Global Convergence of Wasserstein Policy Gradient for Entropy-Regularized Reinforcement Learning
Zhaoyu Zhu, Rui Gao, Shuang Li
Read on arXiv →Key claim
WPG achieves global convergence through Bellman-based arguments.
This paper develops a global convergence theory for Wasserstein policy gradient in reinforcement learning by utilizing the Bellman structure. The key result is that the Bellman recursion induces a favorable geometry that supports global convergence, despite the non-convex nature of the entropy-regularized RL objective.
In plain English
This paper develops a global convergence theory for Wasserstein policy gradient in reinforcement learning by utilizing the Bellman structure. The key result is that the Bellman recursion induces a favorable geometry that supports global convergence, despite the non-convex nature of the entropy-regularized RL objective.

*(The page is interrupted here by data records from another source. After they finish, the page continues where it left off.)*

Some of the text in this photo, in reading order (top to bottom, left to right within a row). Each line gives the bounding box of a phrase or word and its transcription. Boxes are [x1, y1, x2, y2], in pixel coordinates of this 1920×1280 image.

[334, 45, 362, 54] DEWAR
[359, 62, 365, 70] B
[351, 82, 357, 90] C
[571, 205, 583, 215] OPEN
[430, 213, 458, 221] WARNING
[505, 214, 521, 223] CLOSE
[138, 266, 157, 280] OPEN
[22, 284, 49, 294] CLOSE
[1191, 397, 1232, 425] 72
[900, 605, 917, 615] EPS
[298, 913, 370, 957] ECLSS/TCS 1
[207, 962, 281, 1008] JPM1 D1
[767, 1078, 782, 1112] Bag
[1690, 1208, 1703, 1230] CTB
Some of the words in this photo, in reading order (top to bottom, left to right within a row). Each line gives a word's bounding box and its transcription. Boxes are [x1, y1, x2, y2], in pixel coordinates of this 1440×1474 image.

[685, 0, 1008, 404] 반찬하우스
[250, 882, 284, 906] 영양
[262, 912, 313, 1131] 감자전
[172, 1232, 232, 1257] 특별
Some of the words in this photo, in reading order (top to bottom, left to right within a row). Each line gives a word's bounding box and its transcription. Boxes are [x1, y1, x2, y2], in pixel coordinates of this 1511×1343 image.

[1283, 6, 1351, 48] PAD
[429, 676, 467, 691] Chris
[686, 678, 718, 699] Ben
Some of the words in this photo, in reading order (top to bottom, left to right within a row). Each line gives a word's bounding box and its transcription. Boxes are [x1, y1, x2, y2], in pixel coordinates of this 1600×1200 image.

The paper introduces a new global convergence theory for Wasserstein policy gradient, leveraging the Bellman structure in a novel way.
The claims are supported by a theoretical framework, though empirical validation is not provided.
Deep reliability assessment
The methodology supports the global convergence of Wasserstein Policy Gradient for entropy-regularized reinforcement learning under specific assumptions, but the practical applicability of these assumptions in real-world scenarios may be overclaimed.
Reproducibility
No open source code or dataset is mentioned in the paper.
Discussion questions
- 1.How does the assumption of uniform log-Sobolev inequality impact the generalizability of the results?
- 2.What are the practical implications of the discretization bias in real-world reinforcement learning applications?
- 3.What experimental results or scenarios would falsify the claimed global convergence of the Wasserstein Policy Gradient?
Key figure
The paper does not provide a specific figure or architectural diagram description.